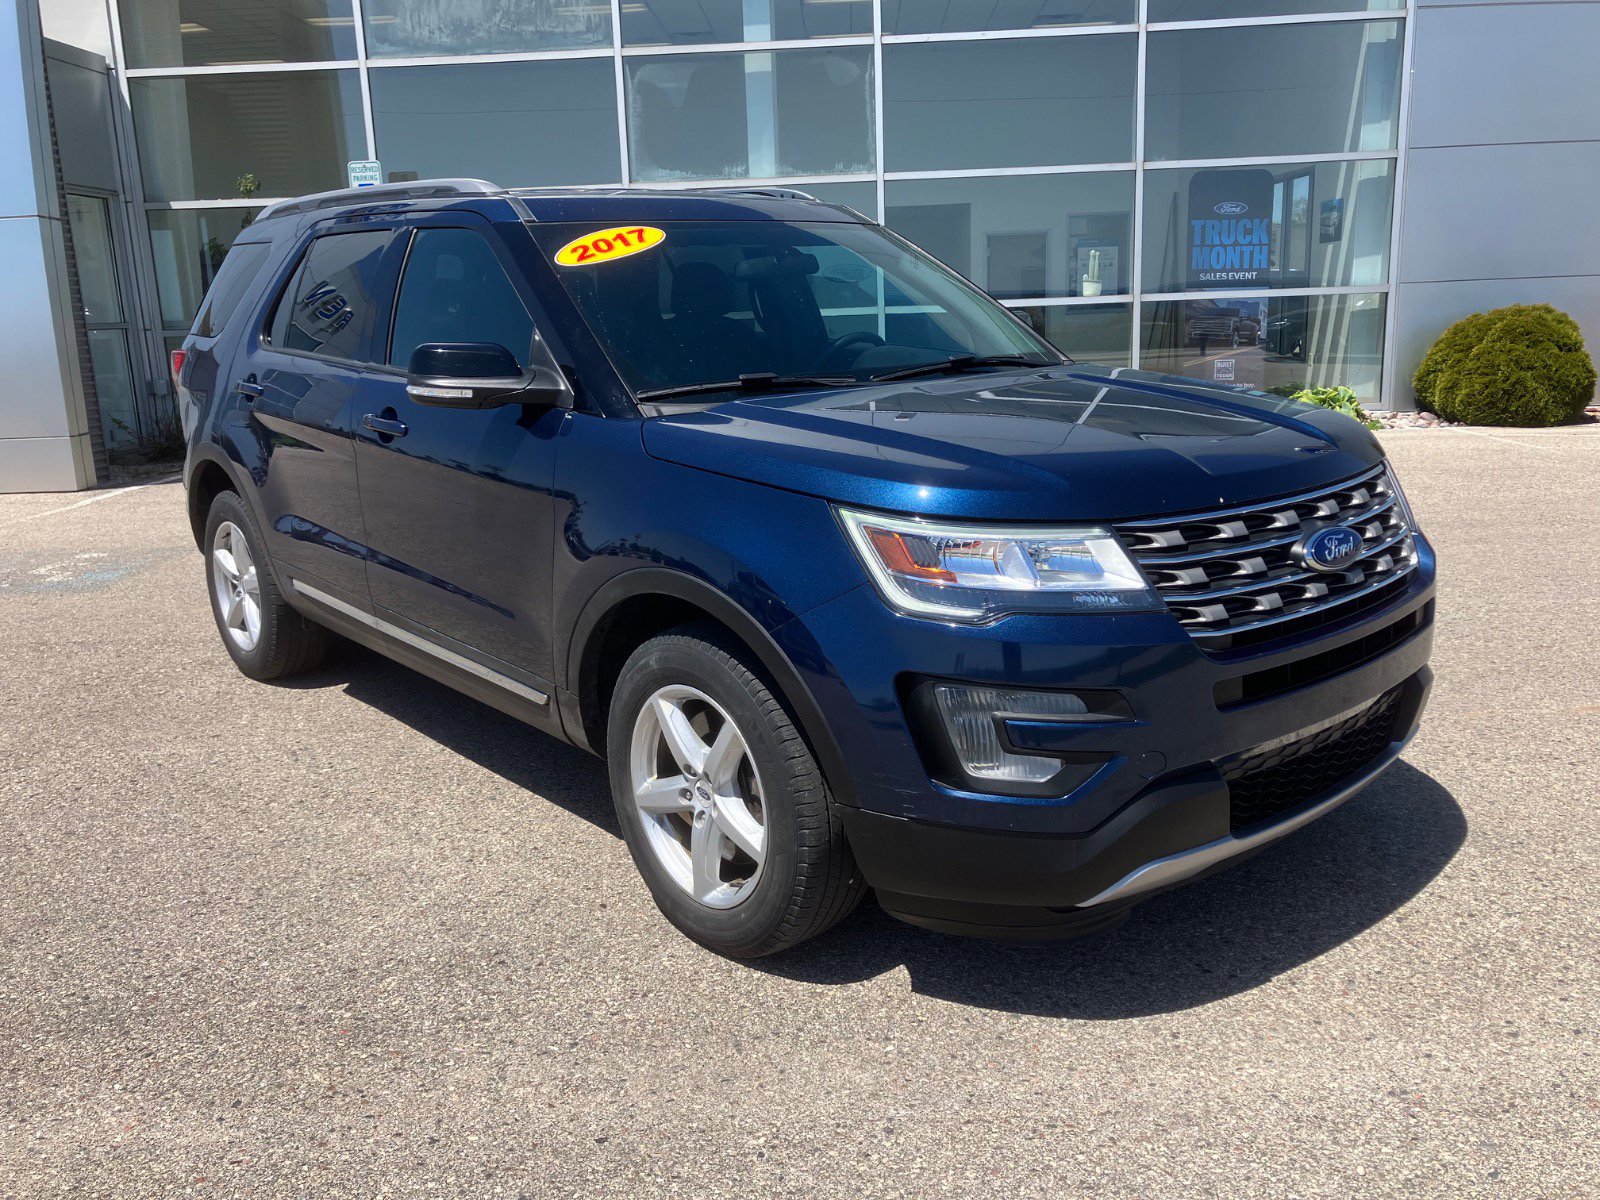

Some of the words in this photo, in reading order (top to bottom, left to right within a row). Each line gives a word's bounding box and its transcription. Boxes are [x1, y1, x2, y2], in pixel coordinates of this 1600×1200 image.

[351, 165, 379, 173] RESERVED
[1191, 218, 1270, 245] TRUCK
[570, 228, 646, 262] 2017
[1191, 245, 1269, 270] MONTH
[1199, 272, 1227, 281] SALES
[1228, 271, 1258, 280] EVENT
[1324, 533, 1354, 561] Ford
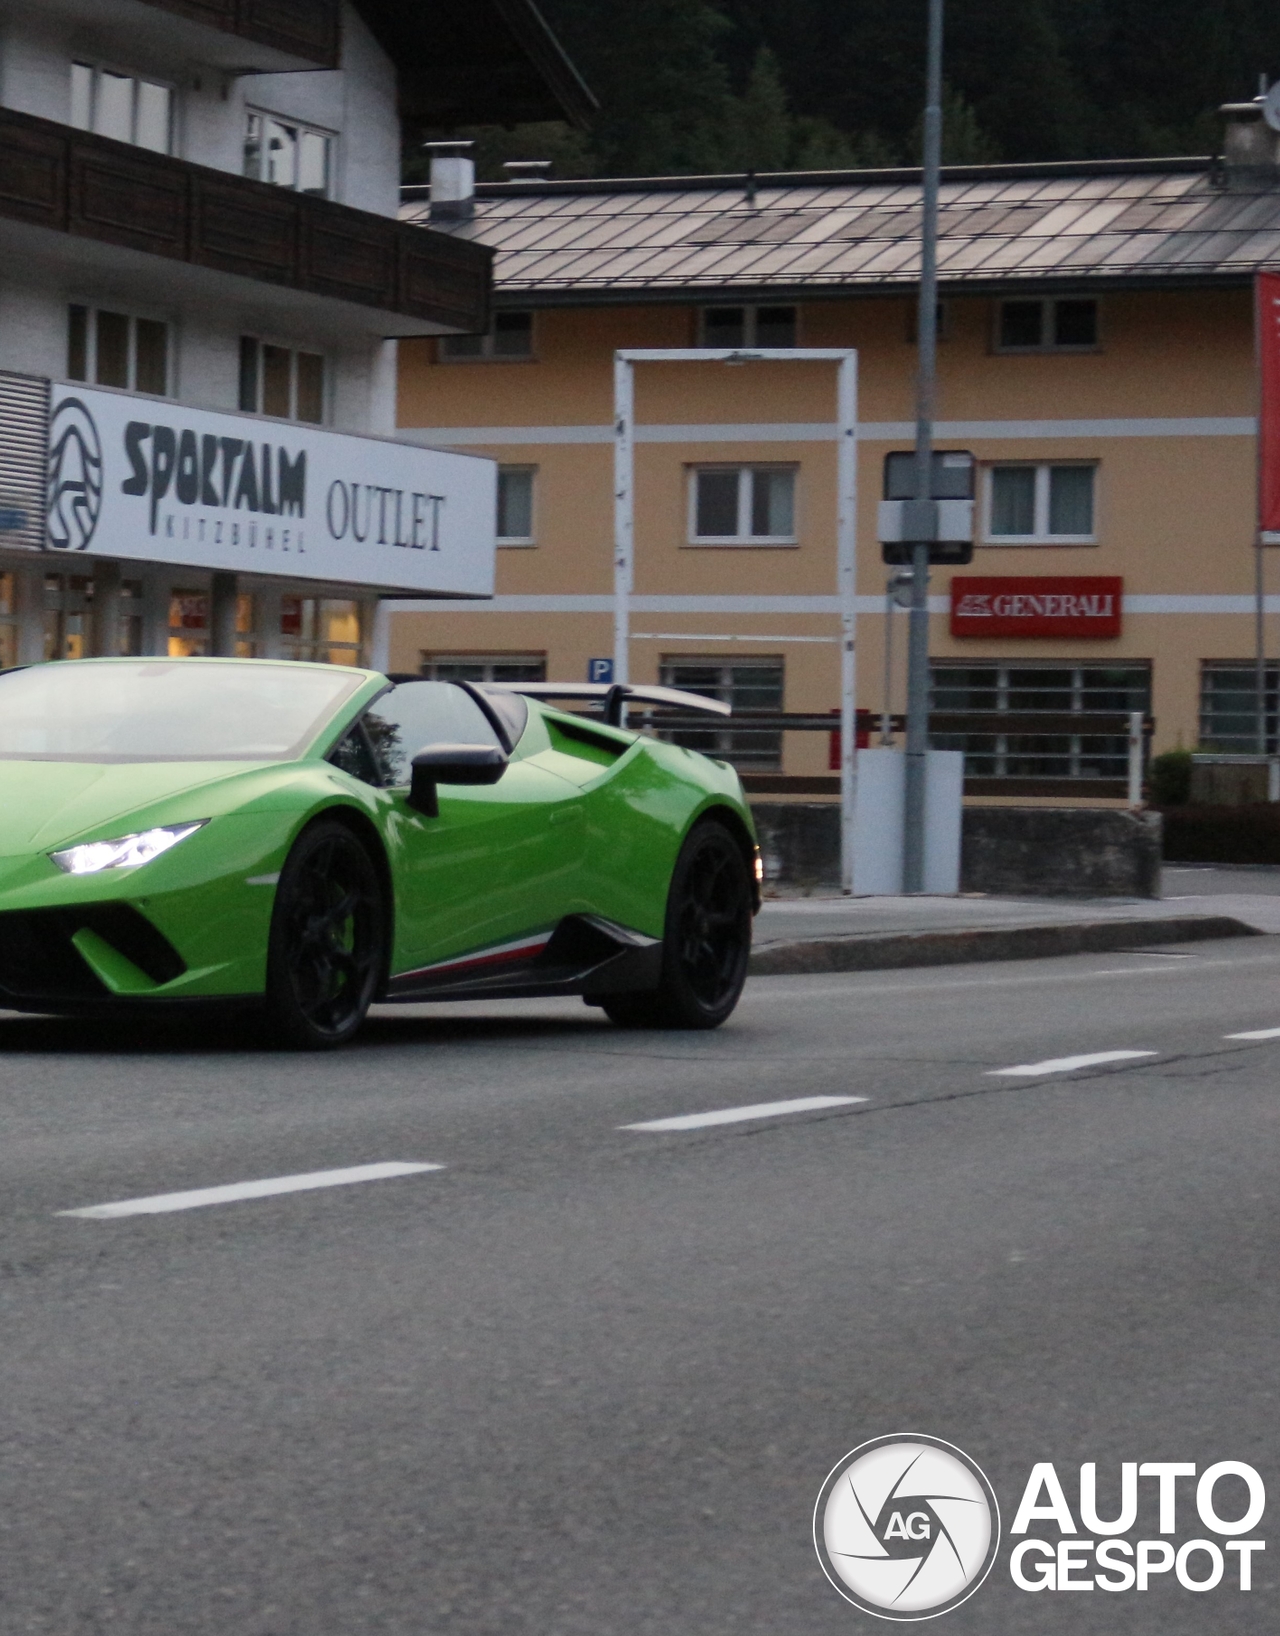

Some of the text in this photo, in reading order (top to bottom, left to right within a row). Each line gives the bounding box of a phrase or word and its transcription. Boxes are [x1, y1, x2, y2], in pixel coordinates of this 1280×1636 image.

# Task to carry out
Output the complete listing exactly. Pictures stay out.

# Task solution
Some of the words in this photo, in reading order (top to bottom, left to right within a row). Each line gives a word's bounding box and its transcription. Boxes are [x1, y1, x2, y2], in pixel coordinates of this 1600×1200 image.

[351, 165, 379, 173] RESERVED
[1191, 218, 1270, 245] TRUCK
[570, 228, 646, 262] 2017
[1191, 245, 1269, 270] MONTH
[1199, 272, 1227, 281] SALES
[1228, 271, 1258, 280] EVENT
[1324, 533, 1354, 561] Ford

Some of the text in this photo, in reading order (top to bottom, left to right within a row). Each line gives the bounding box of a phrase or word and its transcription. Boxes are [x1, y1, x2, y2], in pixel coordinates of this 1280×1636 image.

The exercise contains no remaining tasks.